Zelda Fitzgerald[edit]
Main article: Zelda Fitzgerald
A photograph of Zelda published in Metropolitan Magazine
In 1918, Fitzgerald was commissioned a second lieutenant and dispatched to Camp Sheridan near Montgomery, Alabama, serving with the 45th and 67th Infantry Regiments.[34] While at a local country club, Fitzgerald met and fell in love with Zelda Sayre, the youngest daughter of Alabama Supreme Court Justice Anthony D. Sayre and the "golden girl", in Fitzgerald's terms, of Montgomery society.[35] They began a courtship, but were briefly interrupted in October when he was summoned north. He expected to be sent to France, but was instead assigned to Camp Mills, Long Island. While stationed there, the Armistice with Germany was signed. He then returned to the base near Montgomery and began meeting Zelda again.[36][37] Together again, they embarked on what he would later call "sexual recklessness," and by December, they were inseparable.[36][37] In what became a lifetime practice, Fitzgerald relied on Zelda for literary inspiration, going so far as to plagiarize her diary while revising his first novel.[38]
Upon his discharge on February 14, 1919, he relocated to New York City, where he unsuccessfully begged each of the city editors of the seven newspapers for a job. He then turned to a career in advertising, hopeful that it would be lucrative enough to persuade Zelda to marry him.[39] Fitzgerald wrote to Zelda frequently, and by March 1920, he had sent Zelda his mother's ring, and the two had become engaged.[40] Many of Zelda's friends and members of her family were wary of the relationship, as they did not approve of his excessive drinking, and Zelda's Episcopalian family did not like the fact that he was a Catholic.[41] At the time, Fitzgerald was working for the Barron Collier advertising agency, living in a single room at 200 Claremont Avenue in the Morningside Heights neighborhood on Manhattan's west side. Although he received a raise for creating a slogan for a laundry in Iowa: "We keep you clean in Muscatine", Fitzgerald was still relatively poor. Still aspiring to a career in literature, he wrote several short stories and satires in his spare time. Rejected over 120 times, he was only able to sell a single story, for which he was paid $30.[42][43]

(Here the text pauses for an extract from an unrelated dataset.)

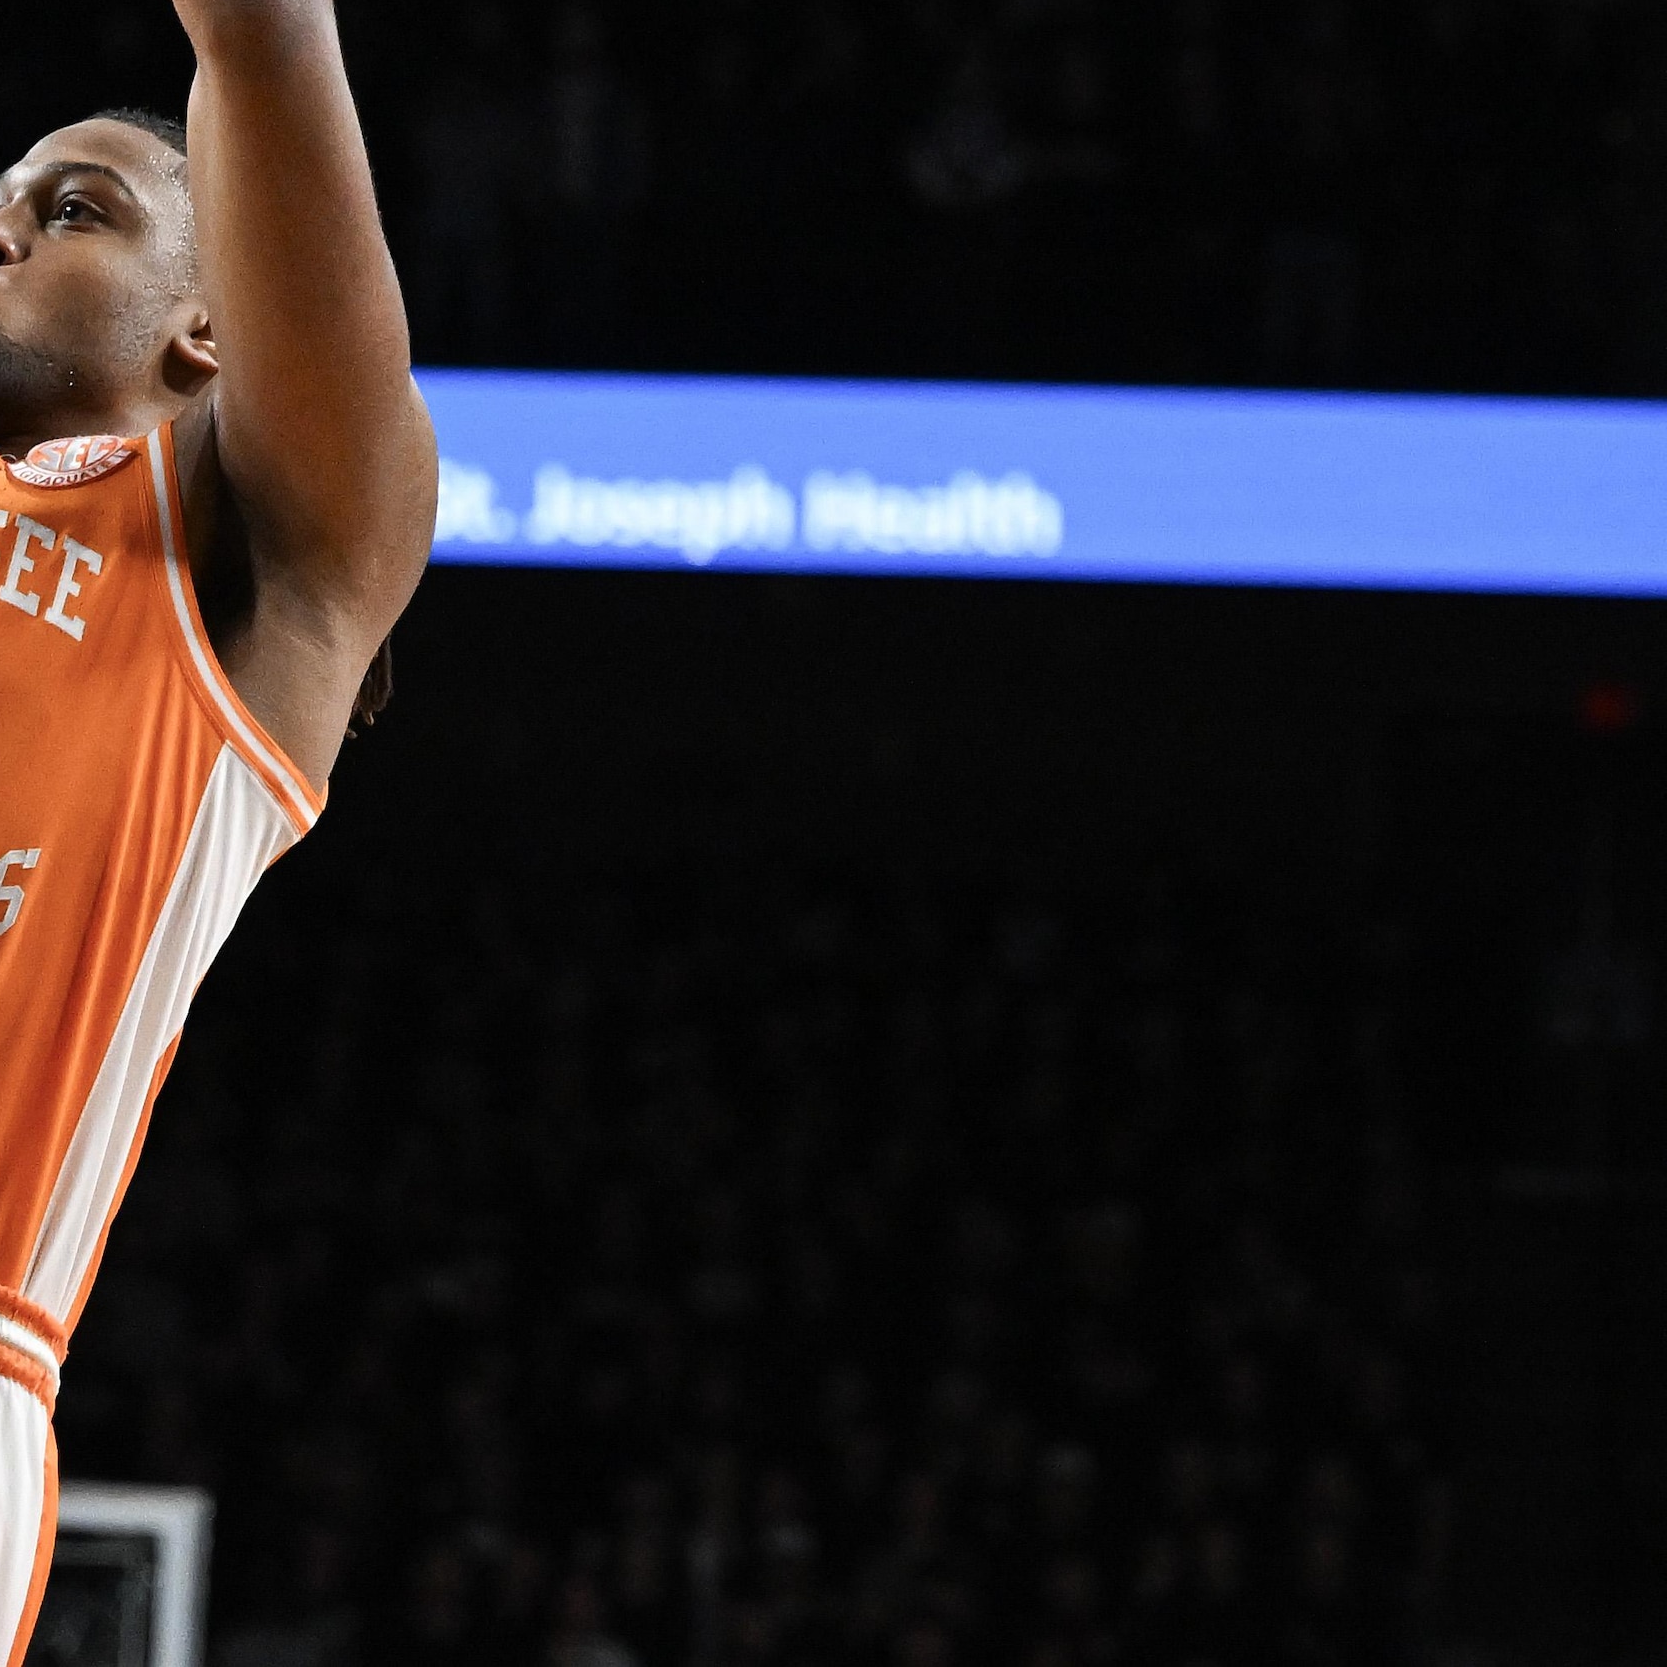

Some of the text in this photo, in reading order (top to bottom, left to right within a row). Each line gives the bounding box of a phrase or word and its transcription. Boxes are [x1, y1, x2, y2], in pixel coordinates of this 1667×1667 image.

[33, 436, 116, 472] SEC
[523, 461, 798, 567] Joseph
[801, 468, 1066, 559] Health

F. Scott and Zelda in Minnesota in 1921
With his dreams of a lucrative career in New York dashed, he was unable to convince Zelda that he would be able to support her, leading her to break off the engagement. Fitzgerald returned to his parents' house at 599 Summit Avenue, on Cathedral Hill, in St. Paul, to revise The Romantic Egotist, recast as This Side of Paradise, a semi-autobiographical account of Fitzgerald's undergraduate years at Princeton.[44] Fitzgerald was so short of money that he took up a job repairing car roofs.[45] His revised novel was accepted by Scribner's in the fall of 1919 and was published on March 26, 1920 and became an instant success, selling 41,075 copies in the first year.[46] It launched Fitzgerald's career as a writer and provided a steady income suitable to Zelda's needs. They resumed their engagement and were married on April 3, 1920 at St. Patrick's Cathedral, New York.[47]
On Valentine's Day in 1921, while Fitzgerald was working to finish his second novel, The Beautiful and Damned, Zelda discovered she was pregnant. They decided to go to his home in St. Paul, Minnesota to have the baby.[48] On October 26, 1921, she gave birth to their daughter and only child Frances Scott "Scottie" Fitzgerald. As she emerged from the anesthesia, he recorded Zelda saying, "Oh, God, goofo I'm drunk. Mark Twain. Isn't she smart—she has the hiccups. I hope it's beautiful and a fool—a beautiful little fool." Fitzgerald utilized some of her rambling in his later writing; the words appear almost verbatim in Daisy Buchanan's dialogue from The Great Gatsby.[49][50]